More important is that the military cooperation between the Iraqis, the U.S. and the forces of the Kurdistan Regional Government is already delivering results. The Kurds have got a much-needed morale boost from the American airstrikes against ISIS and the Western military aid that is already being flown into Kurdistan (so far small arms, ammunition and anti-tank weapons have arrived, ministry of peshmerga officials told me in Erbil, but heavy weapons have been promised as well). They pushed back ISIS forces around the Mosul Dam Lake, west of Erbil, and in the south of the KRG around Jalawla, though Jalawla itself remains under ISIS control.

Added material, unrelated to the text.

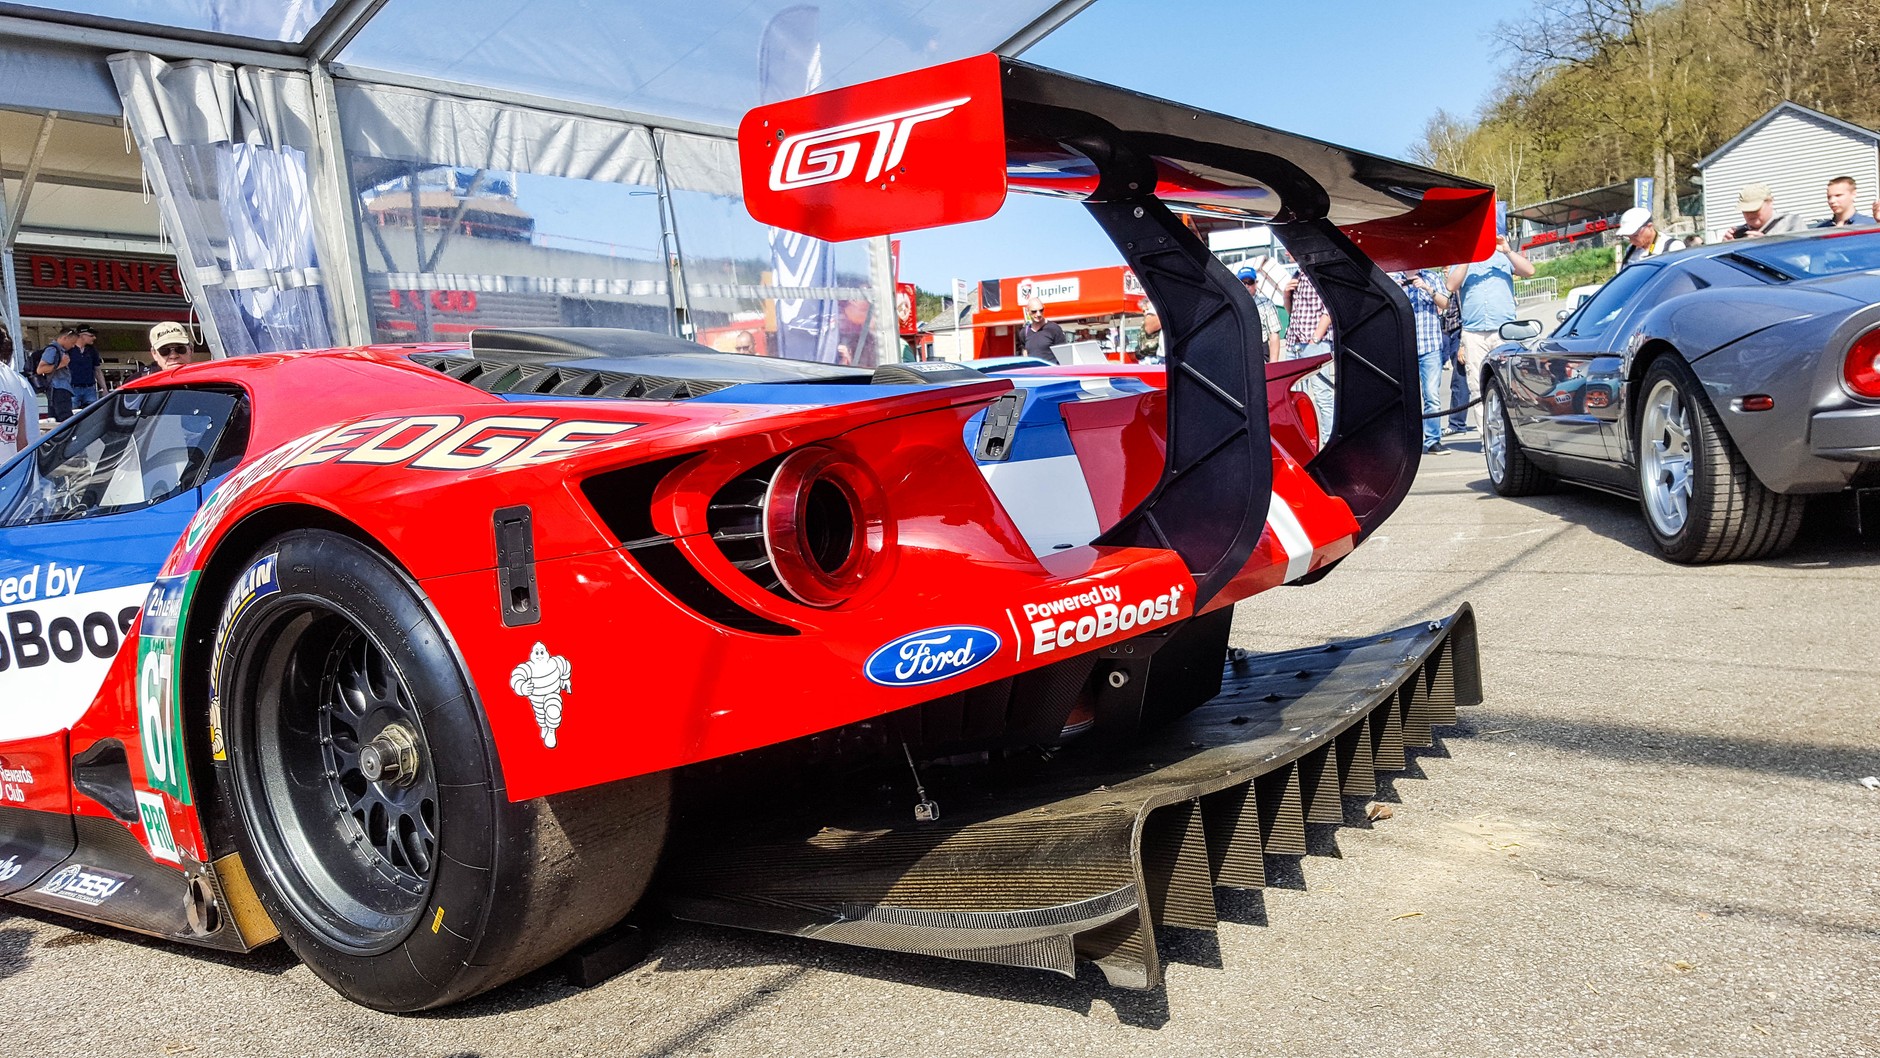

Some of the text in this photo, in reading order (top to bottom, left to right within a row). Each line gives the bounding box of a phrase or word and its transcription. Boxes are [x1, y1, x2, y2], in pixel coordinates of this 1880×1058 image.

The Iraqi Army, helped by Shiite militias, has also gained some ground (though it may be more accurate to say that Shiite militias, helped by the Iraqi Army, have gained ground, which is bound to cause big problems later). Even in Syria we are seeing some results by anti-ISIS forces: the militants have been stopped north of Aleppo by a coalition of moderate rebels who have even retaken some of the villages they lost in August. In the east, the Kurdish militia, the YPG, drove them all the way down to the south of Hasaka city. To be sure, these frontlines all have their own dynamic and developments there should be analysed more or less independently. But the fact remains that ISIS is now facing determined adversaries on several very long frontlines both in Iraq and Syria, clearly a big problem for any state or insurgent group. It will soon face more U.S. airstrikes too.

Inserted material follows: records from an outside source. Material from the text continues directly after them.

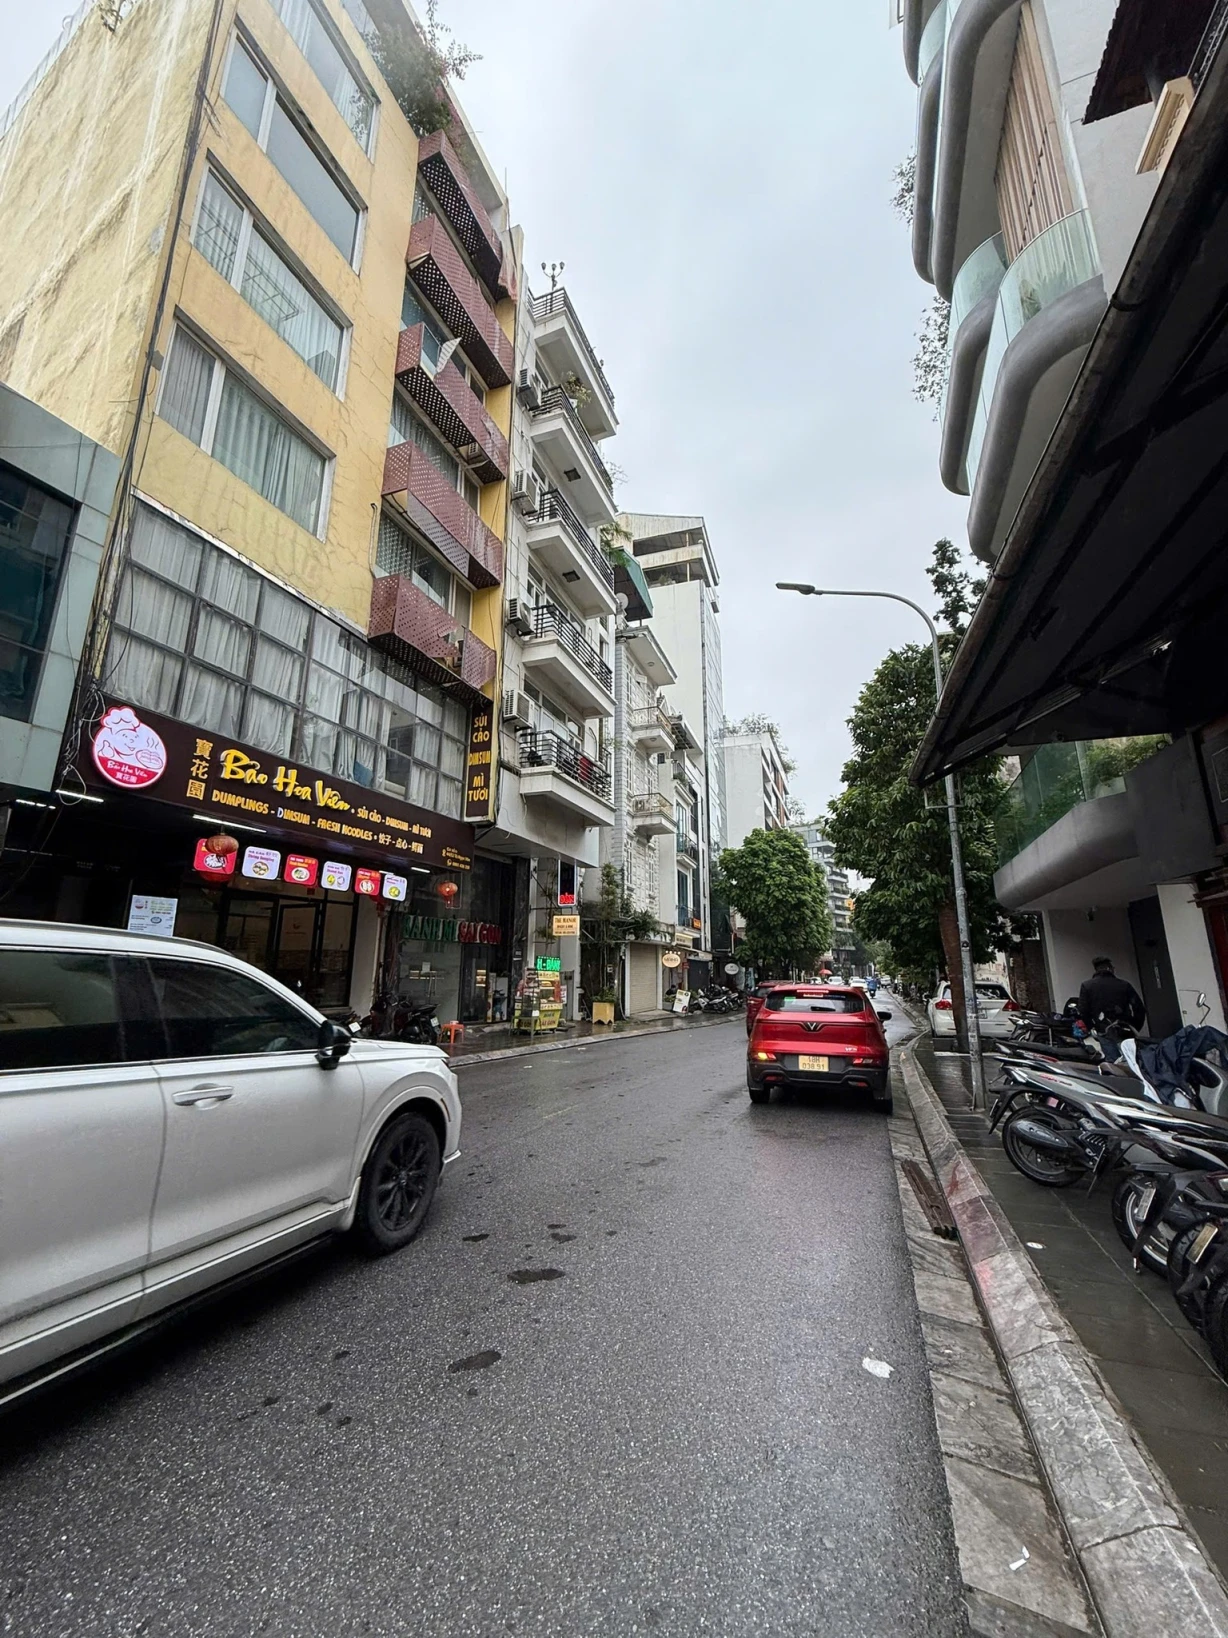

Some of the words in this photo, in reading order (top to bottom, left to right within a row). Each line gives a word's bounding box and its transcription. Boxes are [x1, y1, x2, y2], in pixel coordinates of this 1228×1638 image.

[474, 712, 488, 728] SỦI
[472, 727, 490, 743] CẢO
[469, 750, 491, 766] DIMSUM
[220, 749, 269, 784] Bảo
[272, 766, 312, 801] Hoa
[315, 780, 351, 811] Viên
[473, 772, 484, 787] MÌ
[468, 787, 489, 802] TƯƠI
[211, 789, 269, 815] DUMPLINGS
[277, 807, 310, 825] DIMSUM
[317, 818, 341, 833] FRESH
[342, 824, 373, 841] NOODLES
[357, 806, 369, 819] SỦI
[369, 809, 382, 823] CẢO

The bottom line is that while ISIS looks strong, it really isn’t as strong as its fearsome reputation suggests. It is an organised, highly motivated guerrilla group with lots of experienced fighters. It builds on the weaknesses of its enemies by sending its highly mobile, quick-moving forces to places where they are least expected, uses suicide bombers as just another battlefield tool, and it magnifies the fear created by its shocking brutality with effective publicity. And now it has also got a significant amount of heavy weapons and armour, captured from the Iraqis, plus an influx of men, some from disenchanted Syrian rebel groups, some from Sunni tribes and other Iraqi insurgent group. It also has a lot of money, some from robbery, some from kidnappings and some from protection rackets.
And yet ISIS have only really been successful in areas where it faced no serious resistance: in the political and military vacuum of the Sunni heartland, in eastern Syria and central and western Iraq. Its significant battlefield successes have really only been against disorganized and undermotivated enemies, such as the Iraqi Army or Syria’s disparate rebels, or isolated outposts of the Syrian Army, under siege for a very long time. Whenever it had to confront a determined and organised adversary, such as the Kurdish YPG in northeastern Syria, it has always been bested. Even Syria’s ragtag rebels managed to kick it out of northwestern Syria early this year, though that was before its big Iraqi victories and associated growth in strength. The same thing is likely to happen now, if only because launching surprise attacks against largely undefended cities is very different from defending the large geographic area it now controls against coordinated attacks (and the U.S. Air Force).
This means that ISIS can be contained, its abilities degraded, perhaps quite severely. It doesn’t mean it can be destroyed, not with these tools alone. For that, the dysfunctional policies of the Sunni heartland would have to be addressed, its institutions strengthened, so that their own moderate parties can contain the impulses that have led to ISIS’ emergence, without the need for American airstrikes and Kurdish or Shiite militias. Clearly this is the real challenge and there is no obvious solution in sight. ISIS’ brutality may or may not lead to local resistance—so far those who have tried paid dearly. The Sunni tribes, the heartland’s only visible institutions, are too weak, as are Syria’s moderate rebels. The Syrian and Iraqi states, or what has remained of them, are discredited. It is probably impossible to put these countries back together again. But that doesn’t mean ISIS cannot be contained in a manageable geographic area. My bet is that it’s likely to stick around for a while but in a much weakened form.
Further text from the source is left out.